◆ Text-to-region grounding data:
★ ★ ★

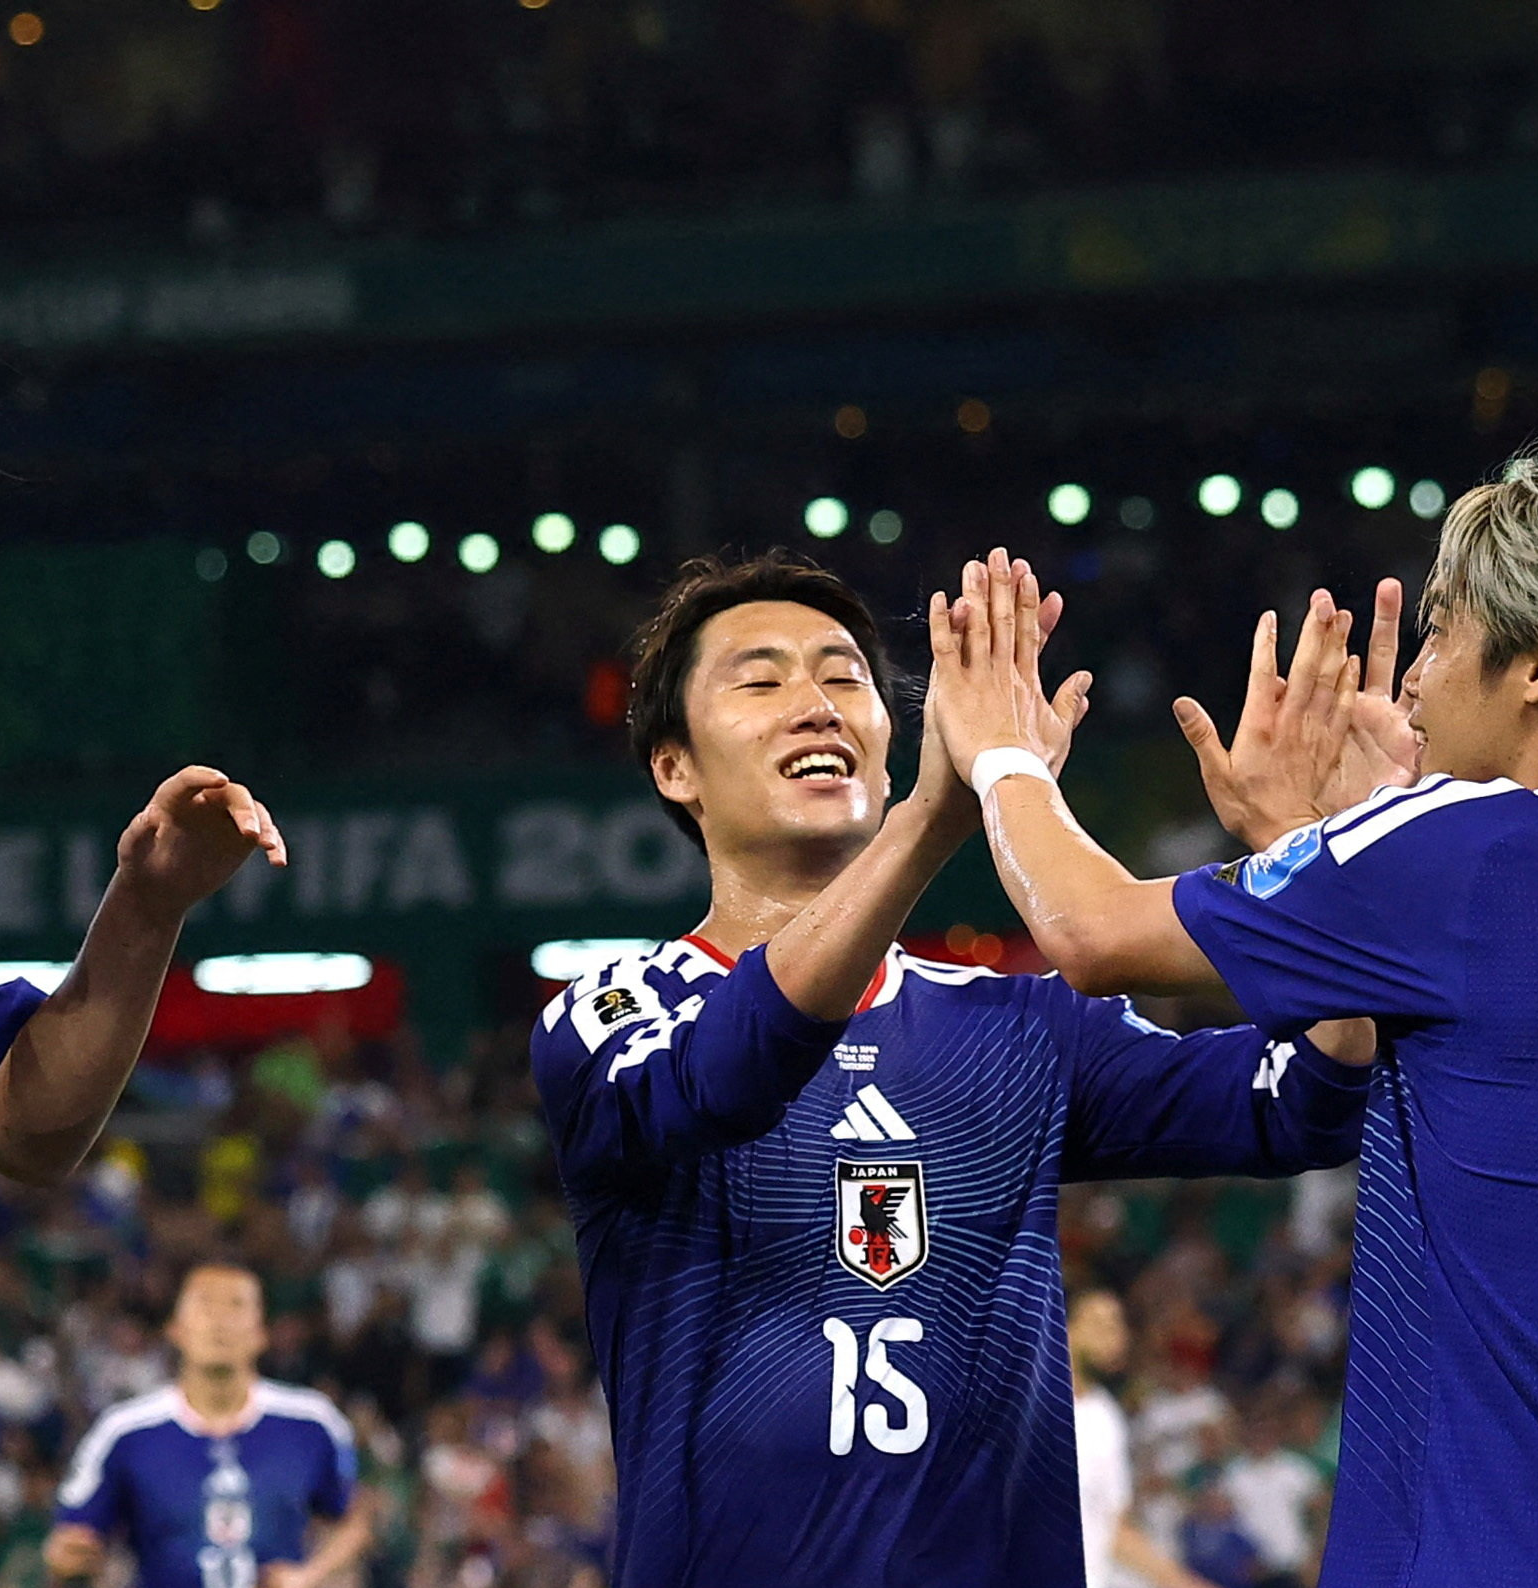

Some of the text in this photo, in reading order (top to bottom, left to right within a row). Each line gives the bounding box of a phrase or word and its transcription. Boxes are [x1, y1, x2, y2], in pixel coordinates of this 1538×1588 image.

[851, 1167, 898, 1178] JAPAN
[859, 1246, 901, 1267] JFA
[823, 1317, 929, 1456] 15
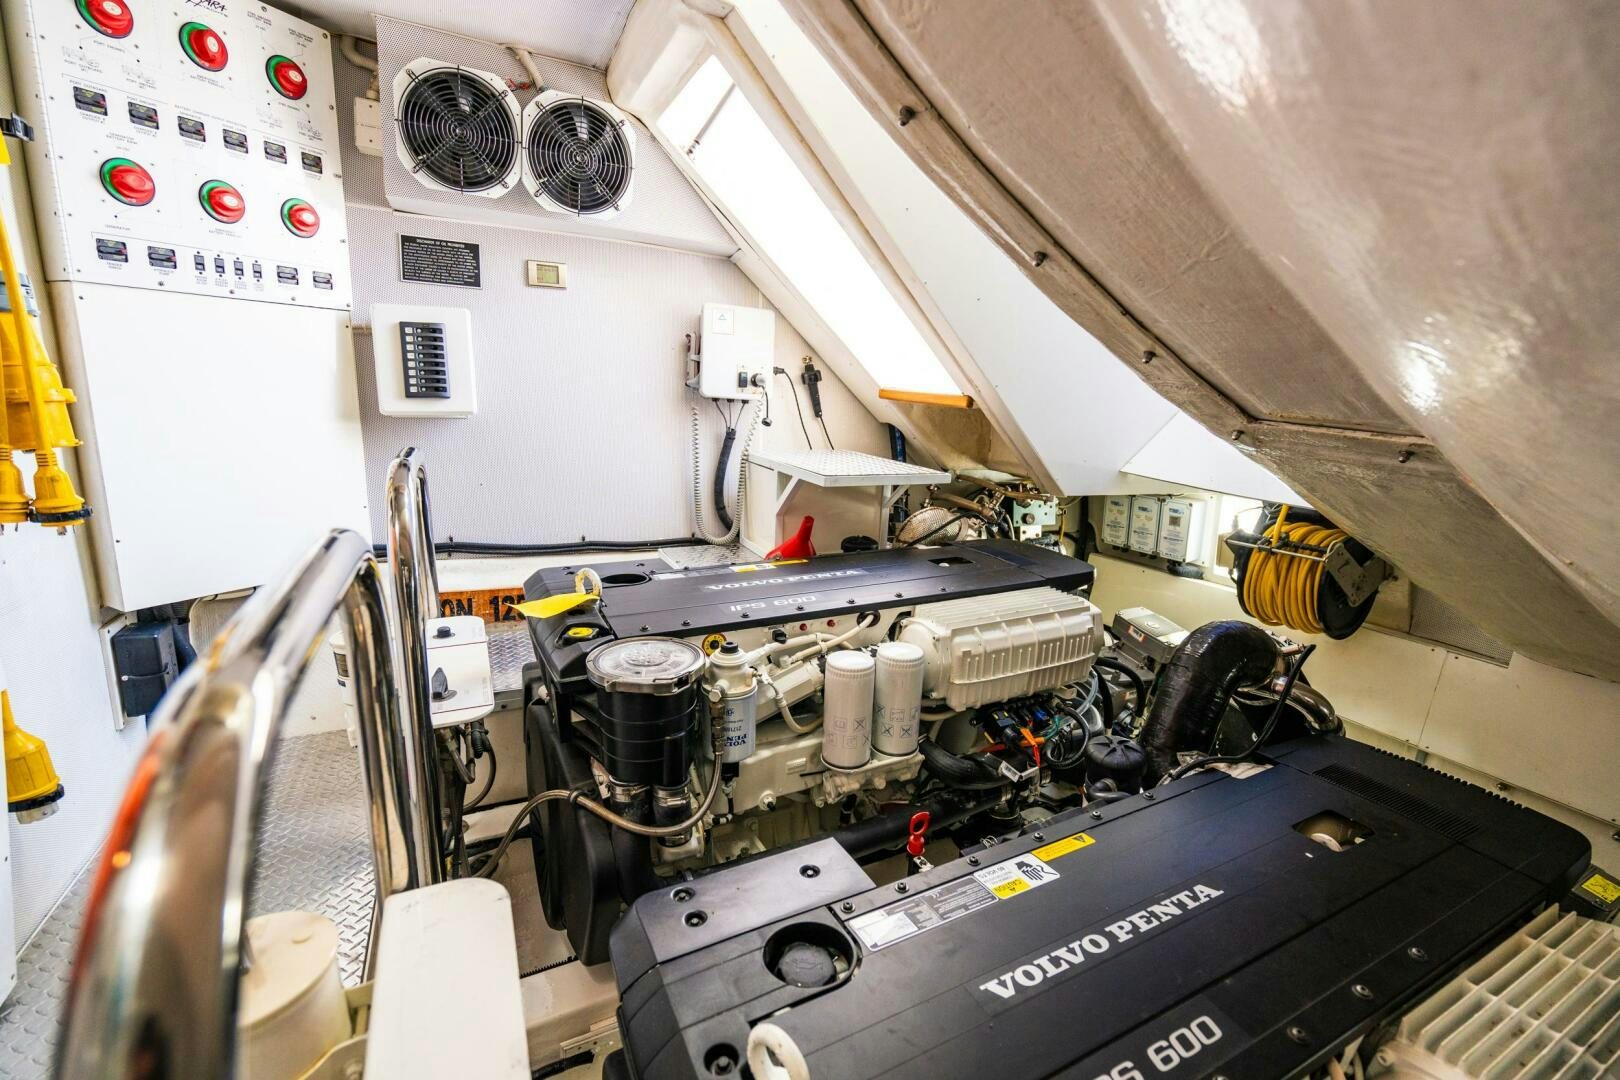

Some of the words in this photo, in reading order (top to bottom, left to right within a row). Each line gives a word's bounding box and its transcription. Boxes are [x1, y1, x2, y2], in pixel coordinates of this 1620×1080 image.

[706, 577, 783, 590] VOLVO
[787, 569, 860, 582] PENTA
[729, 602, 767, 612] IPS
[773, 594, 817, 606] 600
[979, 934, 1110, 999] VOLVO
[1104, 883, 1225, 944] PENTA
[1147, 1015, 1223, 1073] 600
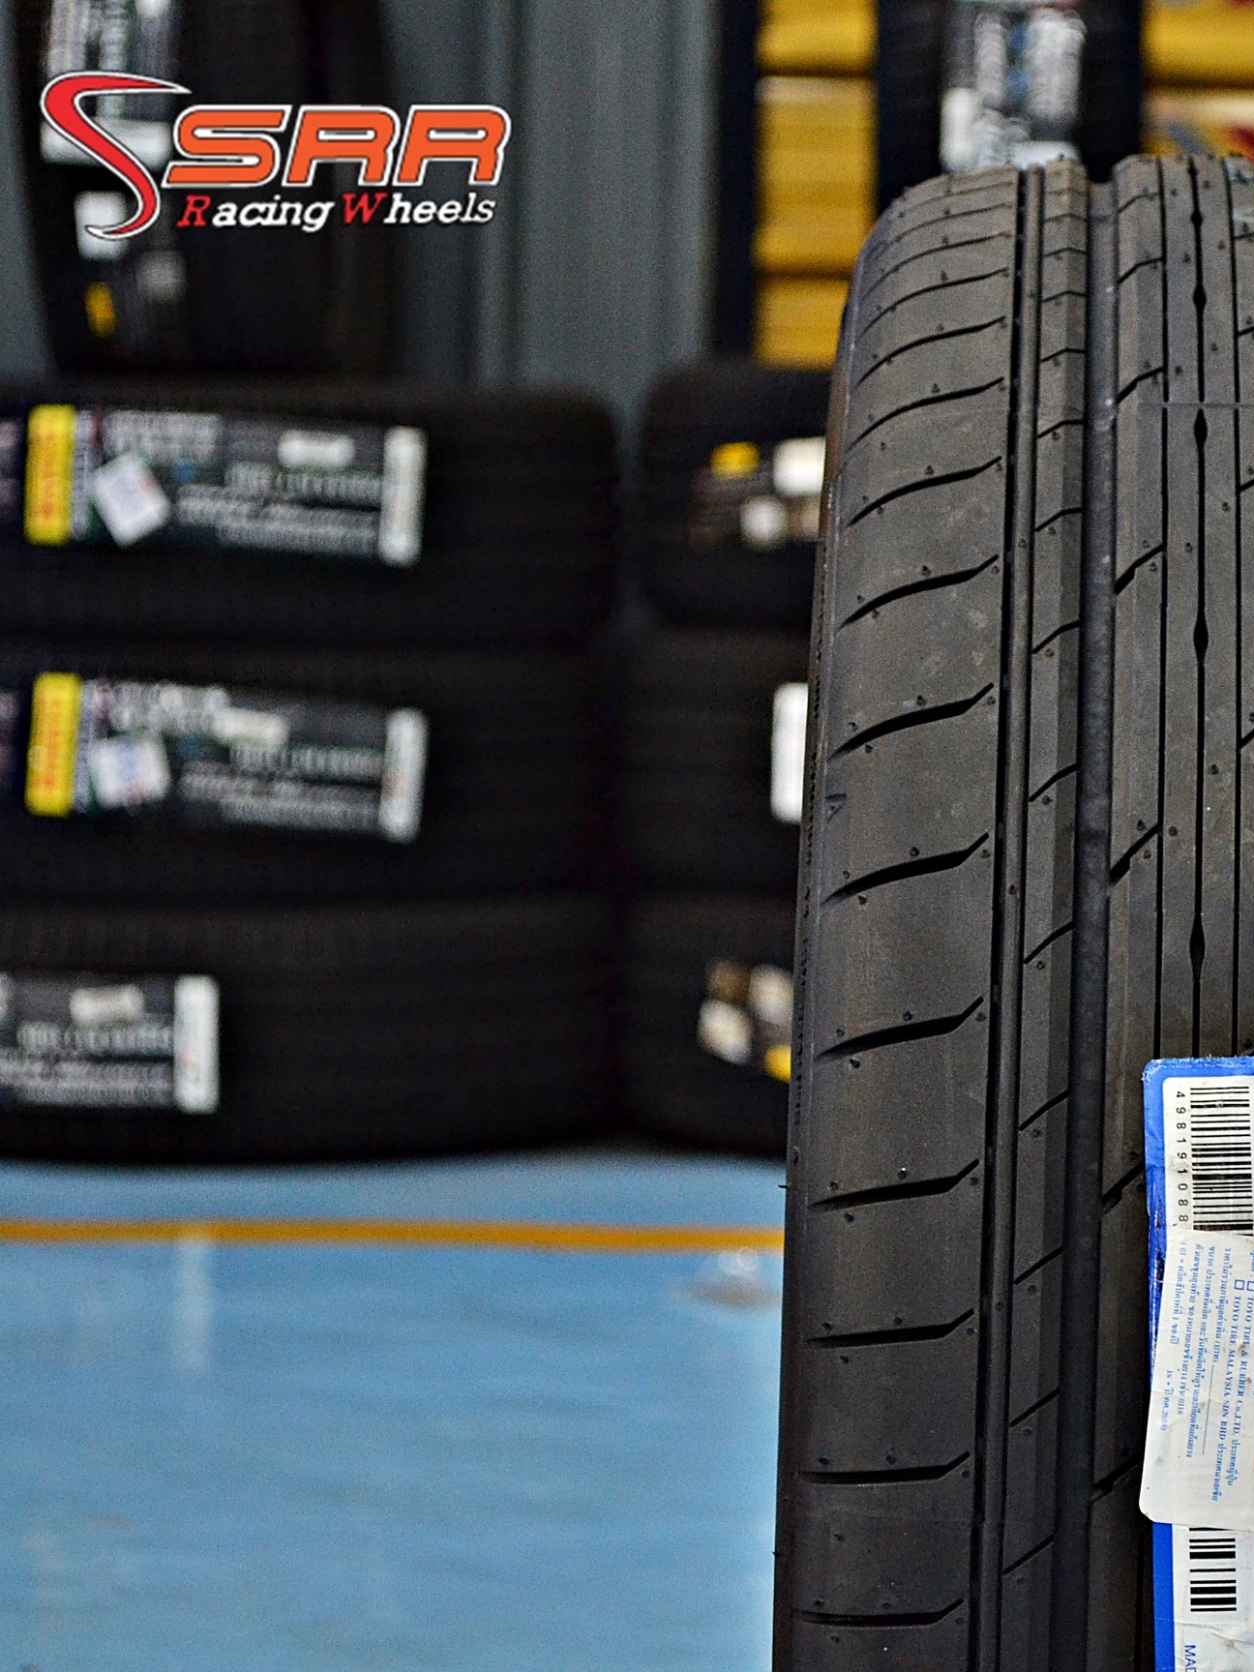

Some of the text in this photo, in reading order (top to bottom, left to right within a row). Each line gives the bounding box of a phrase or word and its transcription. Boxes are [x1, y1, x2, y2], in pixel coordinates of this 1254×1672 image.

[1231, 1295, 1241, 1321] TOYO
[1244, 1296, 1254, 1322] TOYO
[1228, 1324, 1238, 1346] TIRE
[1242, 1325, 1251, 1346] TIRE
[1223, 1349, 1235, 1396] MALAYSIA
[1236, 1360, 1247, 1396] RUBBER
[1221, 1399, 1230, 1417] SDN
[1218, 1420, 1227, 1440] BHD
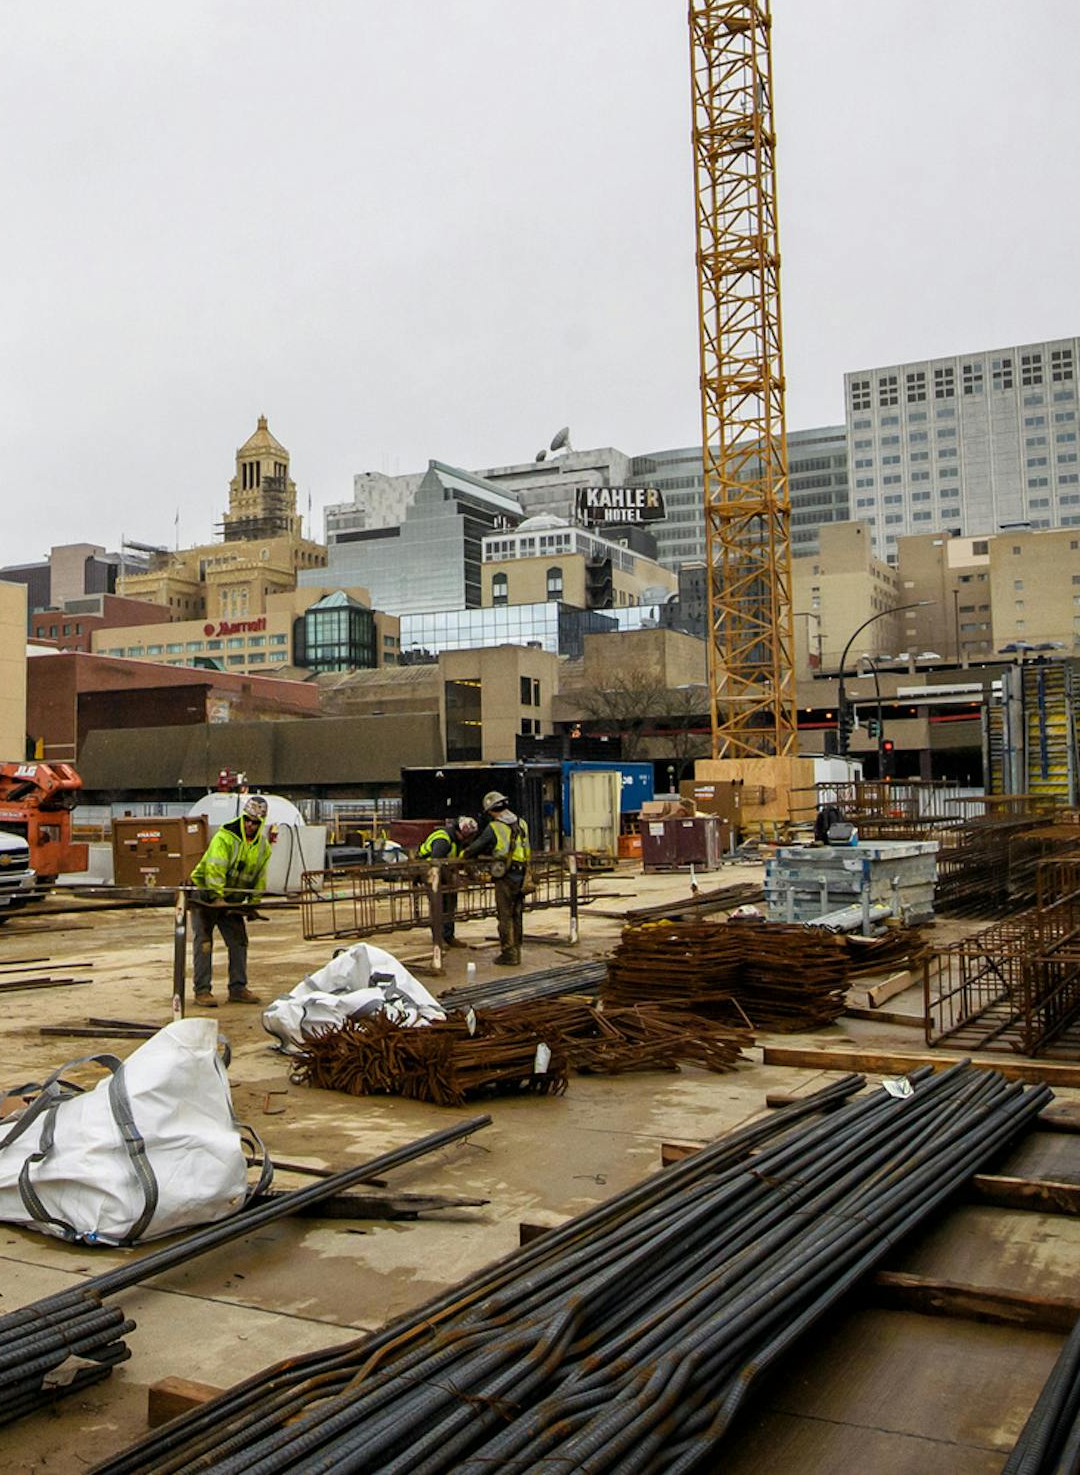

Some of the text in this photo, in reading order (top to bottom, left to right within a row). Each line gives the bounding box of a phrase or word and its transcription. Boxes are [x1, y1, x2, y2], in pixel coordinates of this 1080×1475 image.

★ ★ ★

◆ WHAT YOU NEED TO DO: Produce an exact copy of the lines from the line with "this 1254×1672 image." through the last line of the data above, both ends included. No pictures belong in it.

◆ TASK RESULT:
Some of the text in this photo, in reading order (top to bottom, left to right within a row). Each line gives the bounding box of a phrase or word and its transcription. Boxes are [x1, y1, x2, y2], in pixel coordinates of this 1254×1672 image.

[1231, 1295, 1241, 1321] TOYO
[1244, 1296, 1254, 1322] TOYO
[1228, 1324, 1238, 1346] TIRE
[1242, 1325, 1251, 1346] TIRE
[1223, 1349, 1235, 1396] MALAYSIA
[1236, 1360, 1247, 1396] RUBBER
[1221, 1399, 1230, 1417] SDN
[1218, 1420, 1227, 1440] BHD

Some of the text in this photo, in reading order (top to bottom, left to right within a row). Each line gives the bounding box of a phrase or word and its transcription. Boxes are [x1, y1, x2, y2], in pixel coordinates of this 1080×1475 image.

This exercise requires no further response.